** What is required **
Every entry that follows should be output exactly, and every image in it left out.
== Segment start ==
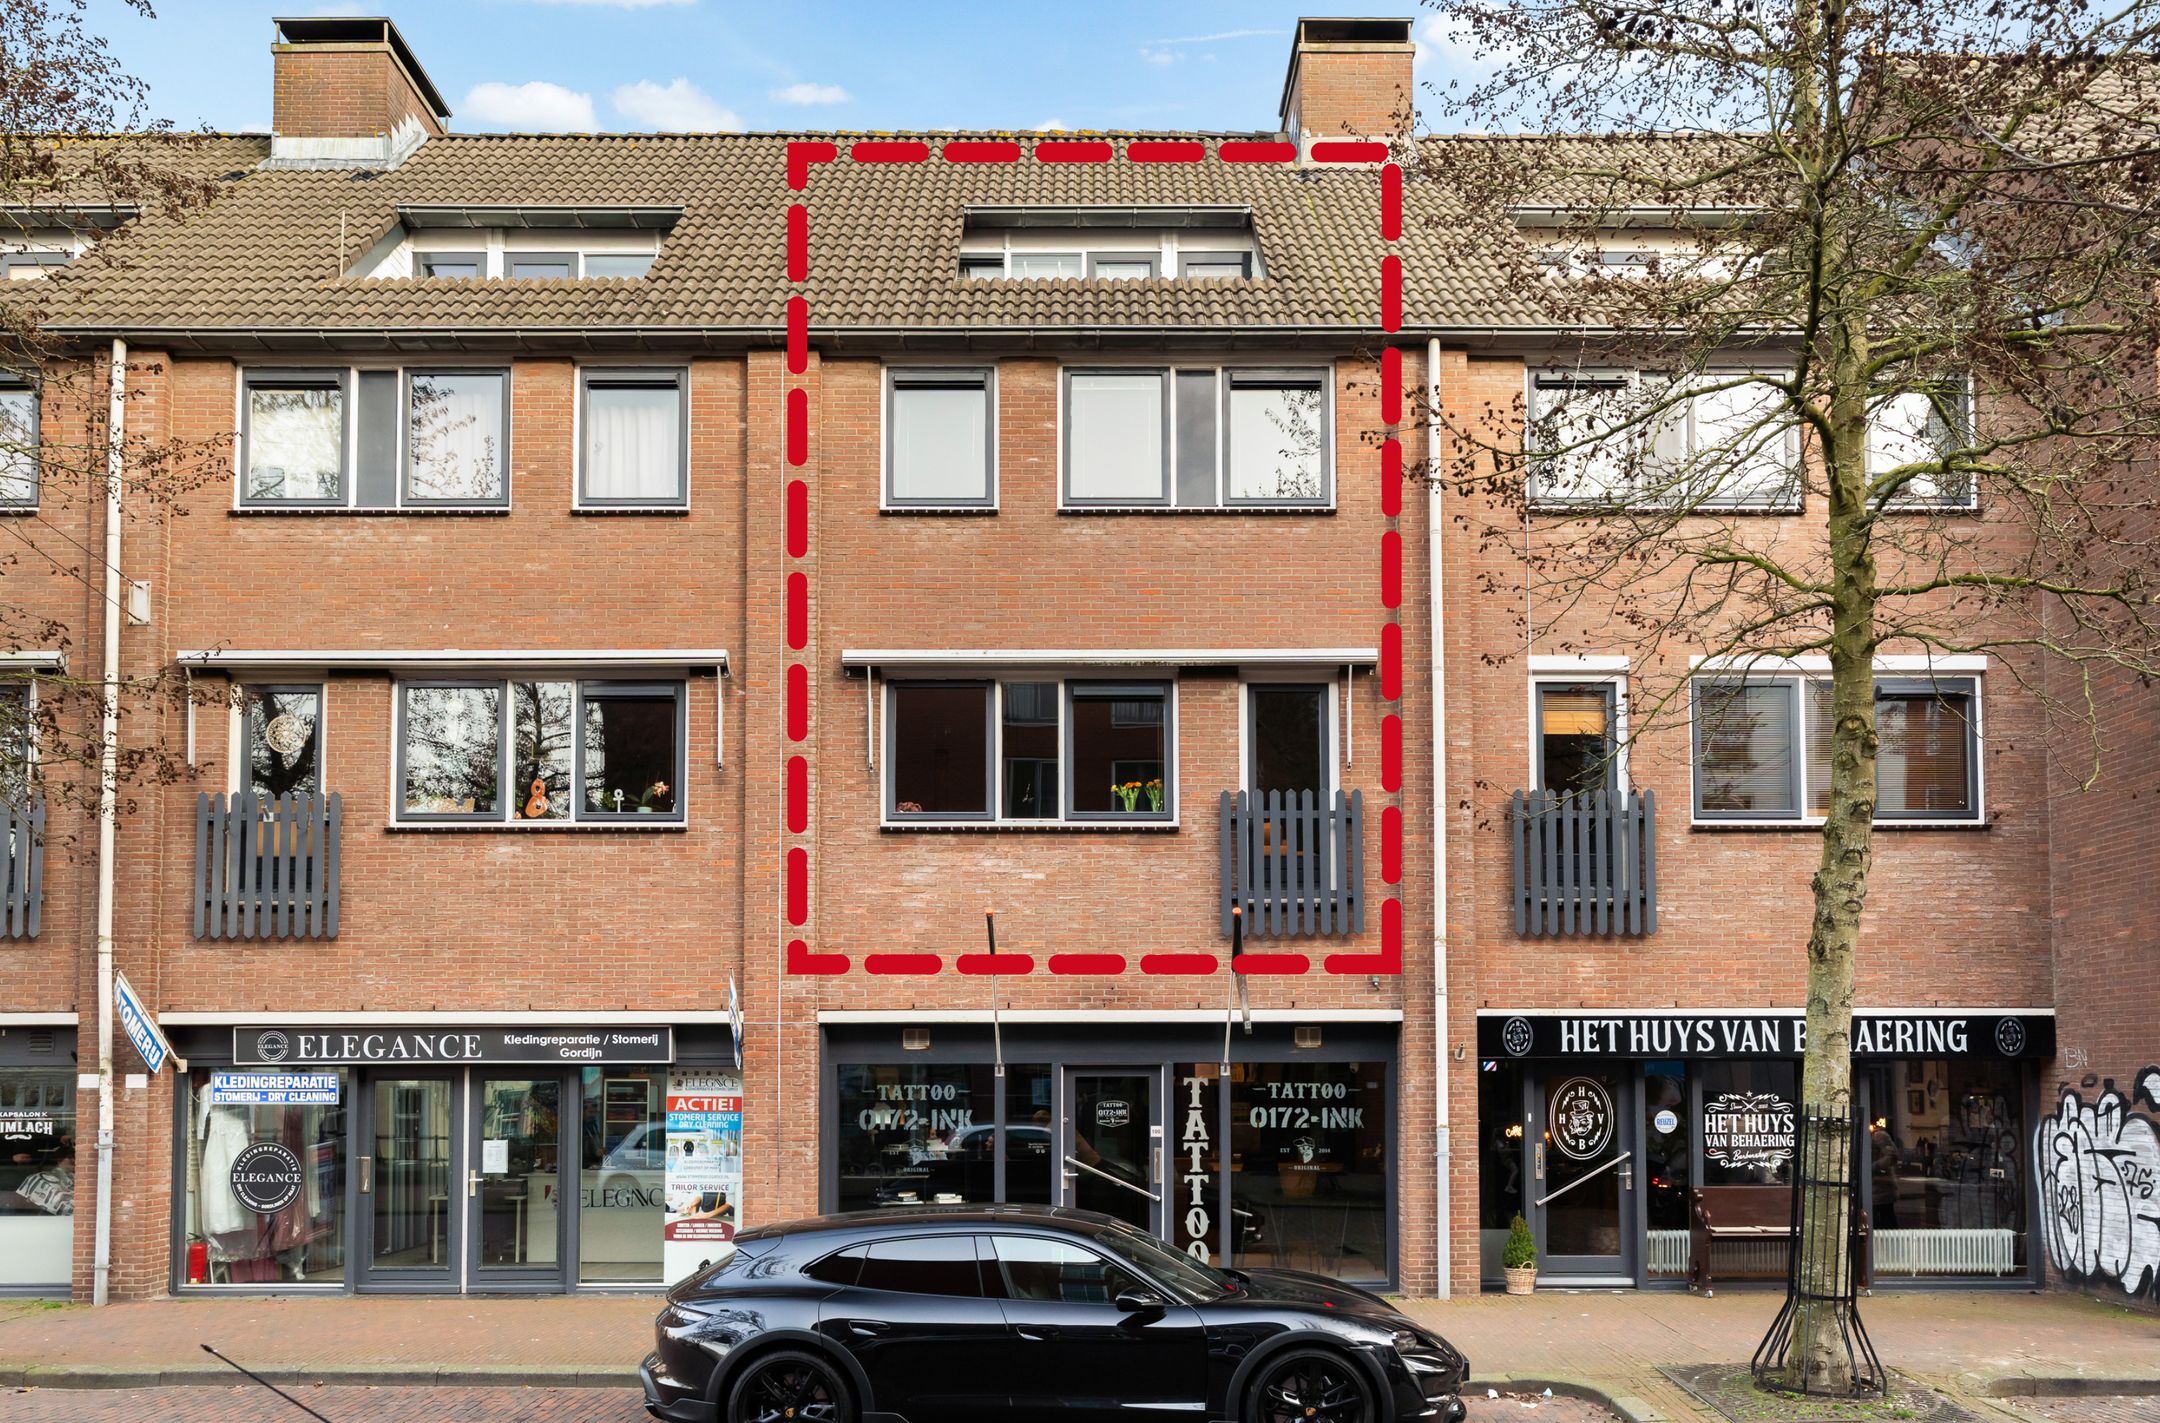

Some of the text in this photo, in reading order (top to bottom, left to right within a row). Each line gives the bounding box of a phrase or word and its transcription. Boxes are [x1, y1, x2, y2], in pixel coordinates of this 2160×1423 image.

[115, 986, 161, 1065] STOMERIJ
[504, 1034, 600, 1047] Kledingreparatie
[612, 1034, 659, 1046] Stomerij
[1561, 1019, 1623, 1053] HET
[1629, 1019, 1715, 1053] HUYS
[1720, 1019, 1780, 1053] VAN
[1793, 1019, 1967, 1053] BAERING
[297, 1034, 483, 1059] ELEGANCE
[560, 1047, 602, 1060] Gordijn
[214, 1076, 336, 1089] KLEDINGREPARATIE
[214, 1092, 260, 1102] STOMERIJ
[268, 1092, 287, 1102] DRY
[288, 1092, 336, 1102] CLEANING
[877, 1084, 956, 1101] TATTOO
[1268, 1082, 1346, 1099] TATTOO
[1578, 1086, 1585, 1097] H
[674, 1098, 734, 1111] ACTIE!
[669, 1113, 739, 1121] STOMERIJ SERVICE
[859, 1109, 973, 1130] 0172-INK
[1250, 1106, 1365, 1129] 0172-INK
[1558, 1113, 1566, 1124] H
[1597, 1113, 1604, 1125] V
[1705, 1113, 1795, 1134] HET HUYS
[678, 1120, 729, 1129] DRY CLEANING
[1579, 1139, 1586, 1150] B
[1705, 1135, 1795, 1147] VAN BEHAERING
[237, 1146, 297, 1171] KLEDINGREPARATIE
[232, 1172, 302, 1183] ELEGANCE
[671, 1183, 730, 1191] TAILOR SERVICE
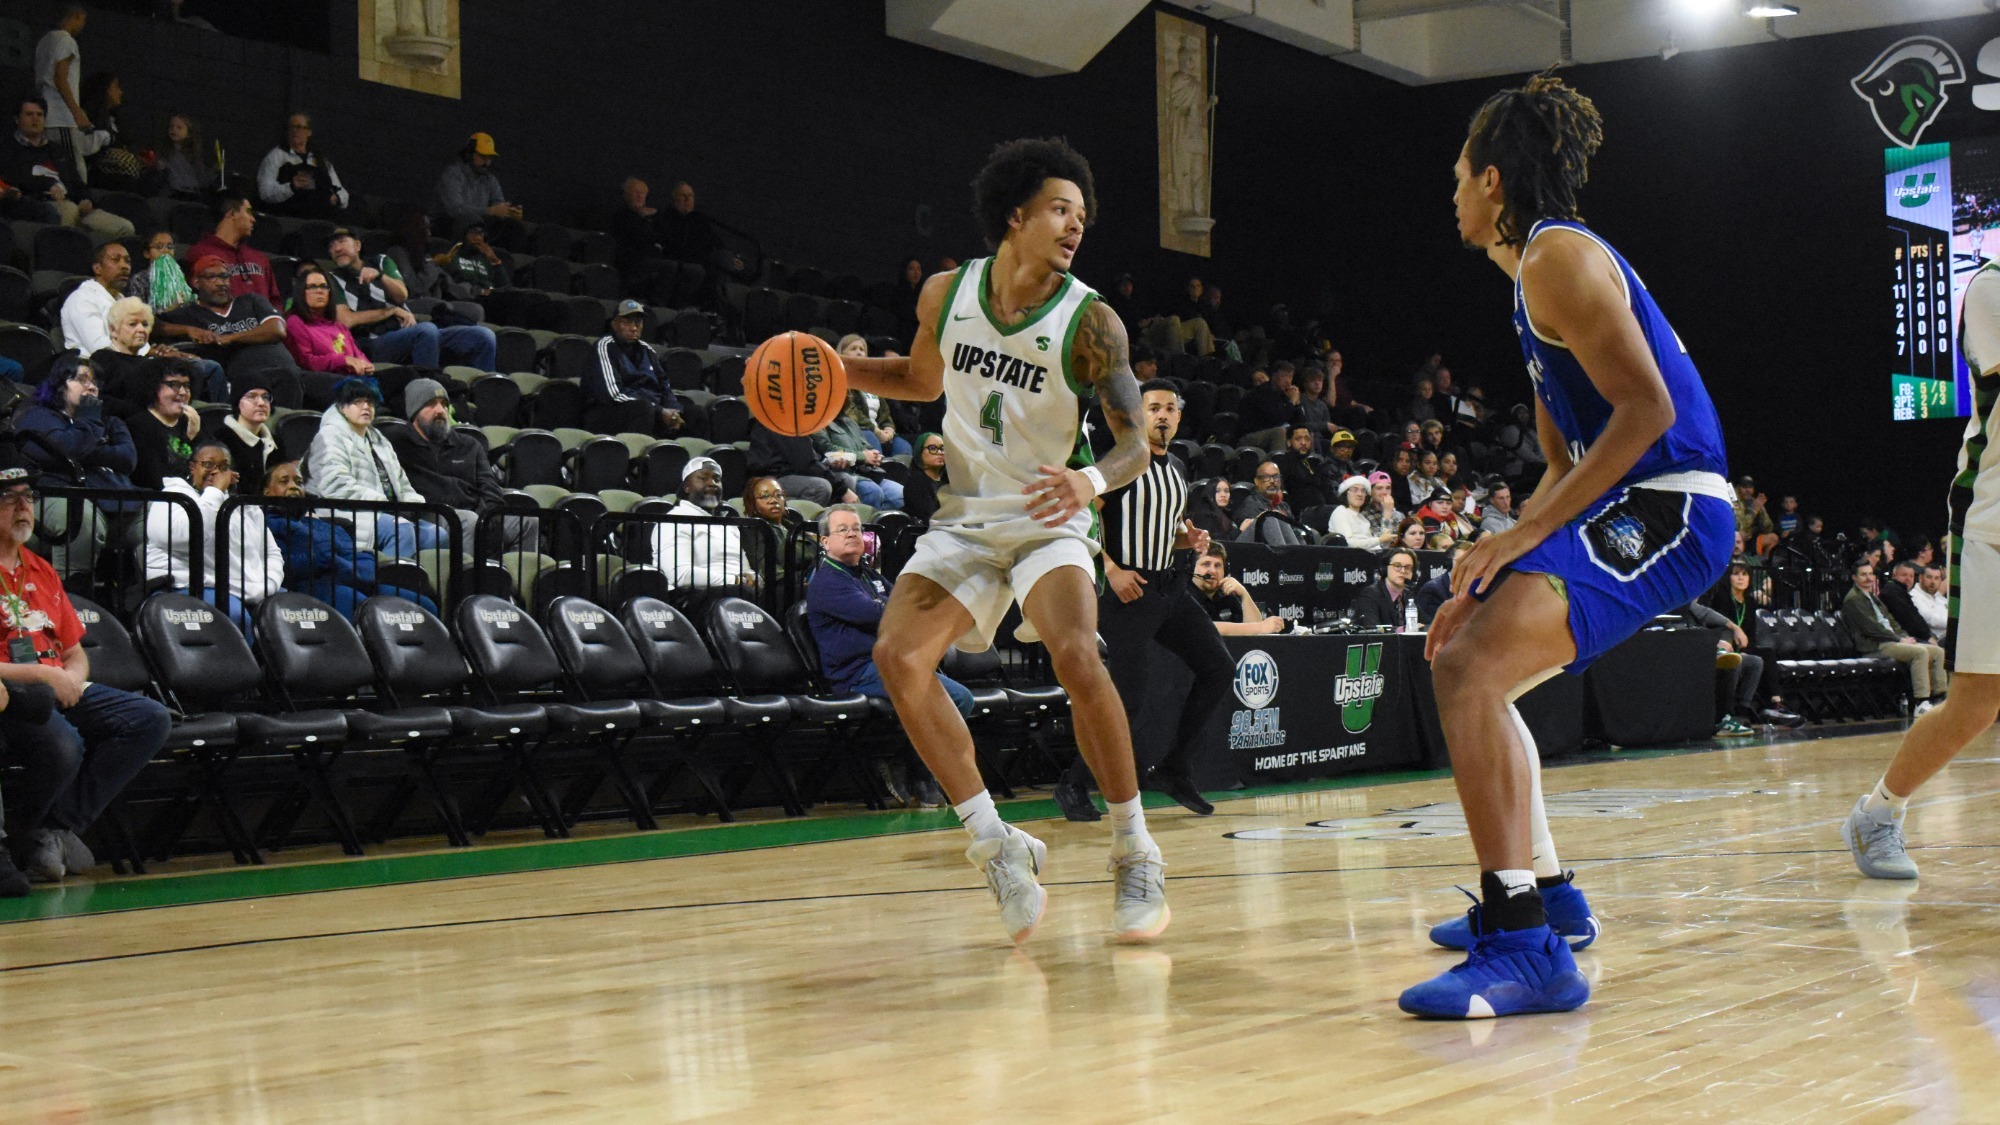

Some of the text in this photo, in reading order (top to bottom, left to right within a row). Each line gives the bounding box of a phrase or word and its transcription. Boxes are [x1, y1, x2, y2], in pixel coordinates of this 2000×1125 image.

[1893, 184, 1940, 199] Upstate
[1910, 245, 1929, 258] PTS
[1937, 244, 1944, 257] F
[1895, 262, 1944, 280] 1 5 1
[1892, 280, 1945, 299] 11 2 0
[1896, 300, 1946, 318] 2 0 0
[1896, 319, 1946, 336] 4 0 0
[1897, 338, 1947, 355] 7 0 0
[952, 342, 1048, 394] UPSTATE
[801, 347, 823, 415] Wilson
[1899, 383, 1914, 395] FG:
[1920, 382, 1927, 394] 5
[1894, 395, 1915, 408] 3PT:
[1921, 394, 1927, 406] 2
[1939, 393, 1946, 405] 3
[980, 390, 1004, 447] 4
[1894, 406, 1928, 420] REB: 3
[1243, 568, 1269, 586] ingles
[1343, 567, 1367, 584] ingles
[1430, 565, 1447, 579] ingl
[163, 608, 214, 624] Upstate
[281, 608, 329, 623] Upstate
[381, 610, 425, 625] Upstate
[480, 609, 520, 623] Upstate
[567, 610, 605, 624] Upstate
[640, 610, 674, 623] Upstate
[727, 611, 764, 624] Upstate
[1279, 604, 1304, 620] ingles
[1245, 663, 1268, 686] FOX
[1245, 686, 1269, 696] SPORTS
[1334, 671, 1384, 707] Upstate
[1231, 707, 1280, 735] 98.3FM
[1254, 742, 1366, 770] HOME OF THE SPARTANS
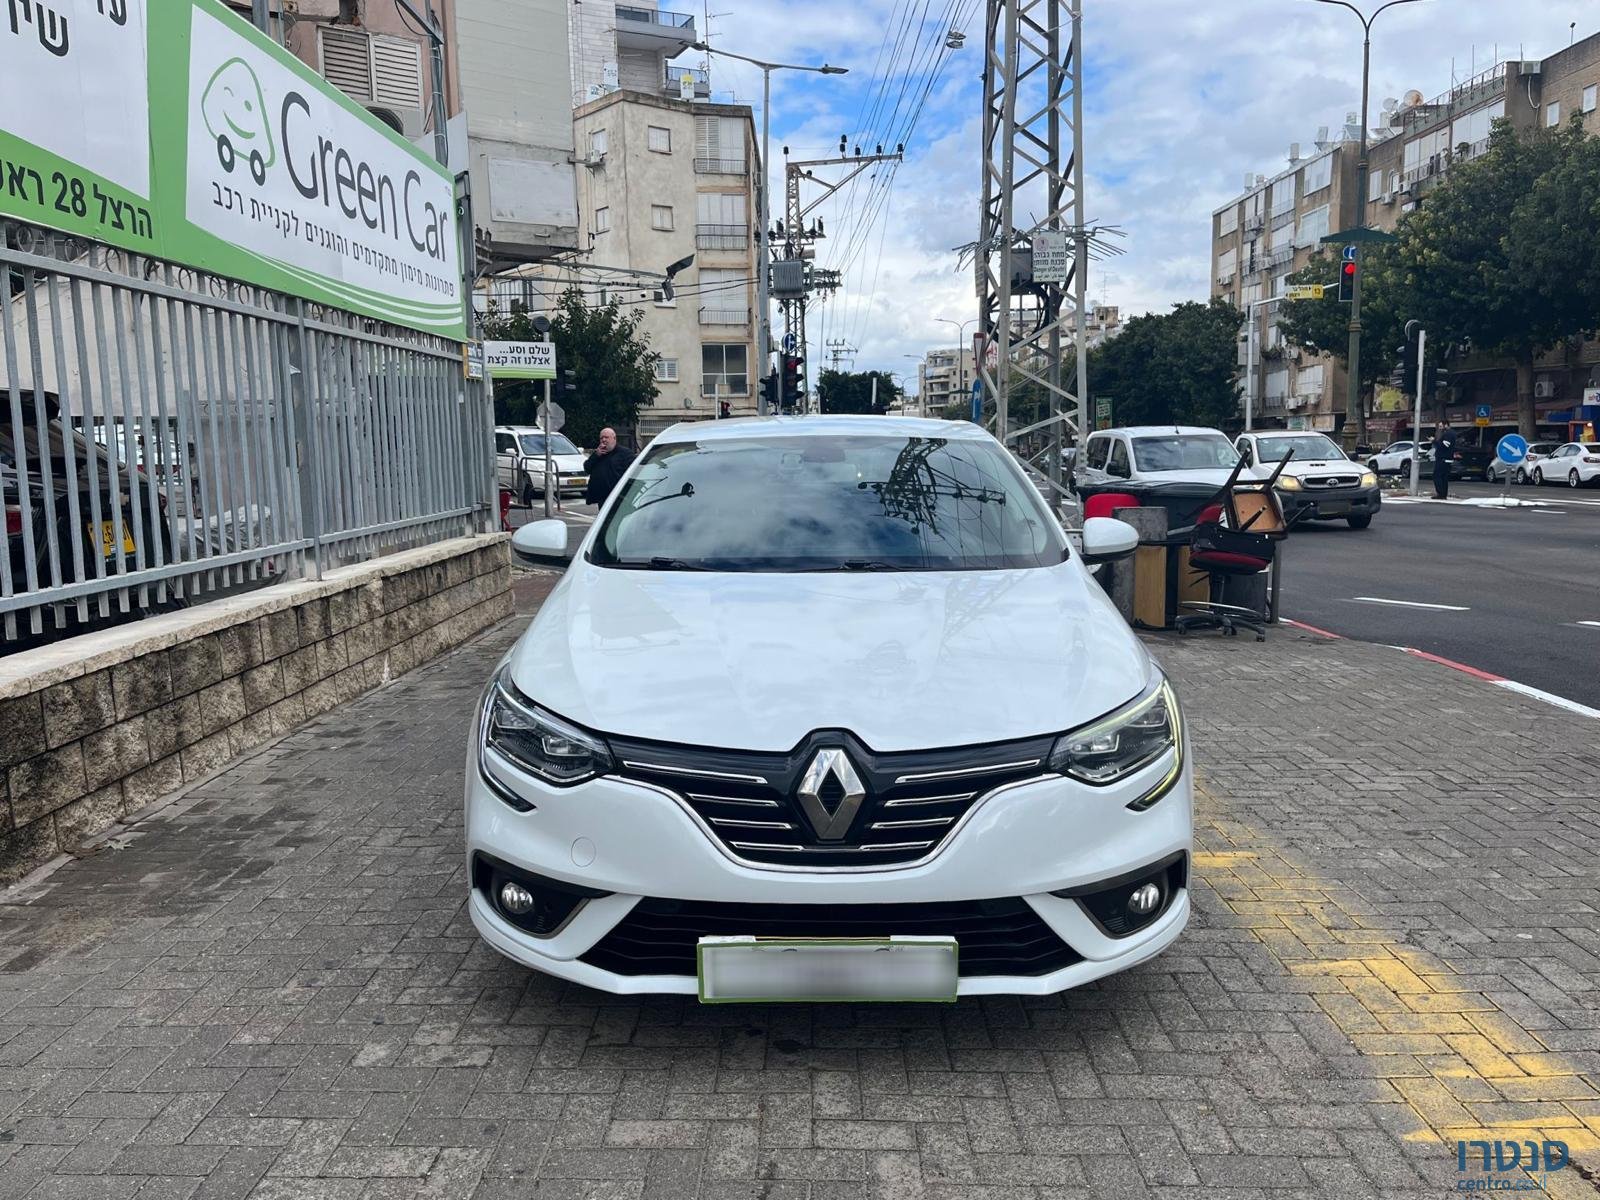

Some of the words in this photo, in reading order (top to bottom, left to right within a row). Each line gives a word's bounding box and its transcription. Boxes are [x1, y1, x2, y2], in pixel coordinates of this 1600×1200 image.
== Segment end ==
** Solution for this exercise **
Some of the text in this photo, in reading order (top to bottom, left to right within a row). Each line gives the bounding box of a phrase or word and its transcription. Boxes are [x1, y1, x2, y2], in pixel coordinates of this 2160×1423 image.

[115, 986, 161, 1065] STOMERIJ
[504, 1034, 600, 1047] Kledingreparatie
[612, 1034, 659, 1046] Stomerij
[1561, 1019, 1623, 1053] HET
[1629, 1019, 1715, 1053] HUYS
[1720, 1019, 1780, 1053] VAN
[1793, 1019, 1967, 1053] BAERING
[297, 1034, 483, 1059] ELEGANCE
[560, 1047, 602, 1060] Gordijn
[214, 1076, 336, 1089] KLEDINGREPARATIE
[214, 1092, 260, 1102] STOMERIJ
[268, 1092, 287, 1102] DRY
[288, 1092, 336, 1102] CLEANING
[877, 1084, 956, 1101] TATTOO
[1268, 1082, 1346, 1099] TATTOO
[1578, 1086, 1585, 1097] H
[674, 1098, 734, 1111] ACTIE!
[669, 1113, 739, 1121] STOMERIJ SERVICE
[859, 1109, 973, 1130] 0172-INK
[1250, 1106, 1365, 1129] 0172-INK
[1558, 1113, 1566, 1124] H
[1597, 1113, 1604, 1125] V
[1705, 1113, 1795, 1134] HET HUYS
[678, 1120, 729, 1129] DRY CLEANING
[1579, 1139, 1586, 1150] B
[1705, 1135, 1795, 1147] VAN BEHAERING
[237, 1146, 297, 1171] KLEDINGREPARATIE
[232, 1172, 302, 1183] ELEGANCE
[671, 1183, 730, 1191] TAILOR SERVICE

Some of the text in this photo, in reading order (top to bottom, left to right within a row). Each line gives the bounding box of a phrase or word and its transcription. Boxes are [x1, y1, x2, y2], in pixel coordinates of this 2000×1125 image.

[1893, 184, 1940, 199] Upstate
[1910, 245, 1929, 258] PTS
[1937, 244, 1944, 257] F
[1895, 262, 1944, 280] 1 5 1
[1892, 280, 1945, 299] 11 2 0
[1896, 300, 1946, 318] 2 0 0
[1896, 319, 1946, 336] 4 0 0
[1897, 338, 1947, 355] 7 0 0
[952, 342, 1048, 394] UPSTATE
[801, 347, 823, 415] Wilson
[1899, 383, 1914, 395] FG:
[1920, 382, 1927, 394] 5
[1894, 395, 1915, 408] 3PT:
[1921, 394, 1927, 406] 2
[1939, 393, 1946, 405] 3
[980, 390, 1004, 447] 4
[1894, 406, 1928, 420] REB: 3
[1243, 568, 1269, 586] ingles
[1343, 567, 1367, 584] ingles
[1430, 565, 1447, 579] ingl
[163, 608, 214, 624] Upstate
[281, 608, 329, 623] Upstate
[381, 610, 425, 625] Upstate
[480, 609, 520, 623] Upstate
[567, 610, 605, 624] Upstate
[640, 610, 674, 623] Upstate
[727, 611, 764, 624] Upstate
[1279, 604, 1304, 620] ingles
[1245, 663, 1268, 686] FOX
[1245, 686, 1269, 696] SPORTS
[1334, 671, 1384, 707] Upstate
[1231, 707, 1280, 735] 98.3FM
[1254, 742, 1366, 770] HOME OF THE SPARTANS

Some of the words in this photo, in reading order (top to bottom, left to right within a row). Each line gives a word's bounding box and its transcription. Boxes are [x1, y1, x2, y2], in pixel coordinates of this 1600×1200 image.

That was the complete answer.